Home
In this little town, the dirt roads stretch for miles. The pot holes long left neglected are little reminders that I live in a rural area, far from the civility. Like any place, this little town has its up’s and downs. Life is slow here and at the same time it is fast with the hurried drama of small problems that bloom with the help of the local gossip queens and kings. Everybody knows everybody and with that, everybody knows what the next person is doing, factual or not.
For the most part, everyone just tries to survive the best that they can. It is a long way from City life and the instant gratification of a six dollar coffee on every corner. Somehow, the people of this little down do just fine without all of the City perks. Because they have been doing it for hundreds of years, they just accept the trade-off of a 24 hour superstore for the peace and quiet of the oak covered hills.
The smell of cow shit is as prevalent in the air here as the smell of car exhaust in the city, but nobody seems to mind. In late fall, all of the cattle are being shipped back from their summer range in Oregon. The green trails of watery, green muck that spill out of the cattle hauling semis, signal shipping season is here. The locals are used to it, but for the city slickers that stop for gas on their way through, they fan their noses in disgust. If it is not the smell of shit that gets them, the mosquitos will.
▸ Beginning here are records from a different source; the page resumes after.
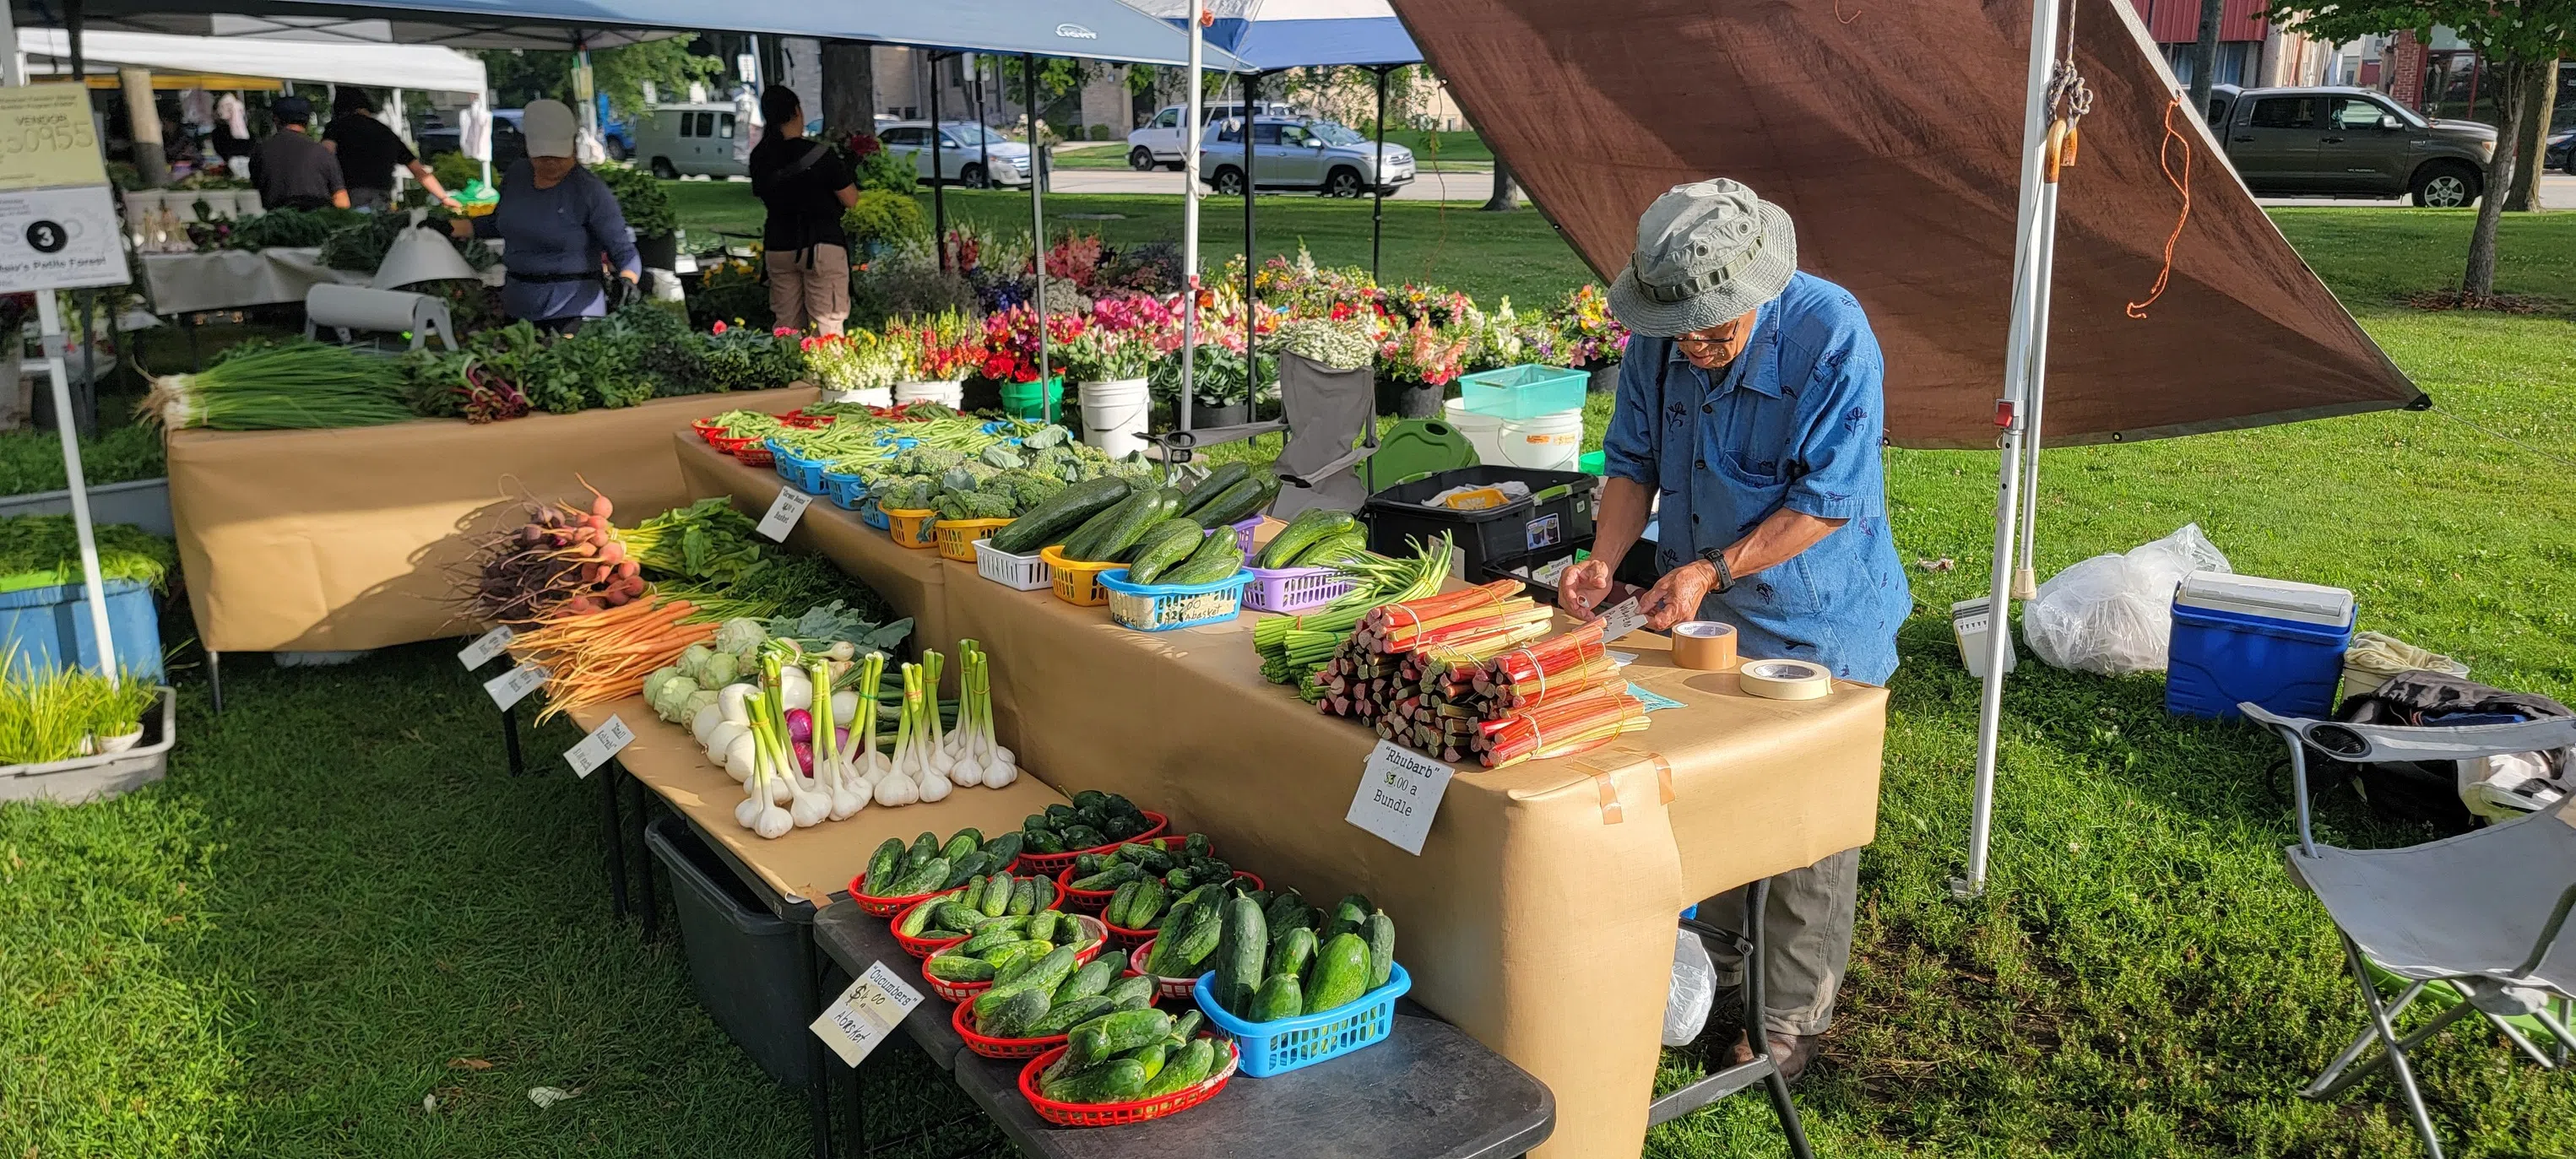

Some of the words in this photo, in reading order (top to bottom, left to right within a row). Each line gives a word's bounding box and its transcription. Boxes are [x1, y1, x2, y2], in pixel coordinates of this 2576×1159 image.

[15, 113, 68, 126] VENDOR
[36, 226, 55, 247] 3
[1386, 745, 1440, 778] "Rhubarb"
[1373, 788, 1413, 816] Bundle
[1409, 785, 1418, 795] a
[870, 965, 919, 1006] "Cucumbers"
This is no place for the faint of heart and it takes a special person to accept the lifestyle. The family names are as old as the State and some of the patriarchs and matriarchs of those scions let you know that. The kids graduate and move away, but they eventually come back. One can drive away, but sadly enough one can never leave.
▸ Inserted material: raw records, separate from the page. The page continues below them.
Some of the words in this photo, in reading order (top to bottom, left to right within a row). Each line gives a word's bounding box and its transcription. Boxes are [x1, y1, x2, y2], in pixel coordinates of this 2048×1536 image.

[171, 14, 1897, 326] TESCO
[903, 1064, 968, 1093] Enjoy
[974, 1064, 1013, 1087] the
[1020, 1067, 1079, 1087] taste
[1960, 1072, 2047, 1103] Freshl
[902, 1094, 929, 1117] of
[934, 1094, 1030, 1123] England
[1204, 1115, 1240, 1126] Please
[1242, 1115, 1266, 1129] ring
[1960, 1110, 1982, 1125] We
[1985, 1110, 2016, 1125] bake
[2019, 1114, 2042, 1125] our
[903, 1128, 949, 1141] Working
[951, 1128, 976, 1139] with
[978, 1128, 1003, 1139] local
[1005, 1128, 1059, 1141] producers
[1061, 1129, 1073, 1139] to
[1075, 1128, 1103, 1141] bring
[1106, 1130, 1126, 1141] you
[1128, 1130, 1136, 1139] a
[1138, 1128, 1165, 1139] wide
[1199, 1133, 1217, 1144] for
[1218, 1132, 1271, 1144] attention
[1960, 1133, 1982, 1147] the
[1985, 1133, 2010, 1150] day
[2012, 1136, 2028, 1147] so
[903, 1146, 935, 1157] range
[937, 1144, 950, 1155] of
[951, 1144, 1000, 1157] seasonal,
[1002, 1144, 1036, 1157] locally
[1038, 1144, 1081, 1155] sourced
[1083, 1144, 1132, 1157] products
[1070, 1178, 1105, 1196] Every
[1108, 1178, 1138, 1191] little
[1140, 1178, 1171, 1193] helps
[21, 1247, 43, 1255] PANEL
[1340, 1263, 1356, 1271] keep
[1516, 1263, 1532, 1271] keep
I found this out the hard way. After packing the only clothes I had in an old Army ruck sack, I said goodbye to the shit stained streets and said hello to the smell of moth balls, itchy wool blankets and Army life. I traveled the world like a vagabond in camo boots, living from a duffle bag. At the time, that green, canvas duffle bag was the only home I knew. But, somewhere in the back of my mind, I knew home was where my family was and what I found later was that home is really where your heart is.
Home is where one finds comfort. It is a place that connects our souls to peace and tranquility. It is a place that we love, though we may not have the ability to fully explain why. Home was mom’s kitchen and the smell of fresh baked apple pie. Home was a bunkhouse and the smell of burning cedar and shitty boots. Home was a field of wild flowers in a spring meadow and home is anywhere with a person you love beside you.
The years away from home had left me empty and cold and I found comfort in willing arms of strangers only to even feel emptier as I crept out the door in the early morning light. It was an ever dissolving patch on my heart that I would consistently coat with heaps of booze and promiscuity. I wondered more than once when that pain would end, but deep down I was only building a scar that would take decades to heal.
After my stint in the Army, I was bruised and hardened by things that no one person should ever see. The black and white world of military service is hardscrabble and unforgiving. It is triumph and heartache rolled into a burrito of fried goodness. One that looks super good on the outside, but on the inside, one is not healthy.
The day I pulled my old truck into mom’s house, I sat in the driveway of the place I grew up in and looked around. It looked the same as it did six years earlier, but I knew it was different. It had to be.
In the driveway, the snow was three feet high and growing taller with each flake that fell. For a moment, I looked in the rearview mirror at the piles of crap that I had so hastily packed in my truck and thought about driving away. It wasn’t that I wanted to run, but I had to. That deep seated need to go as far and as fast away from that house and the memories of Randi, weighed hard on my fractured soul.
Randi wasn’t my dog or a brother who so mercifully beat me, but she was the blonde haired, sparkly-eyed misfit that destroyed me. Long ago, I was an eighteen year old ranch hand fresh out of high school and home was a solitary bunkhouse and a creaky, metal bed. It wasn’t as much of a home as mom’s sugar cookies on a cold fall day, but it did the trick.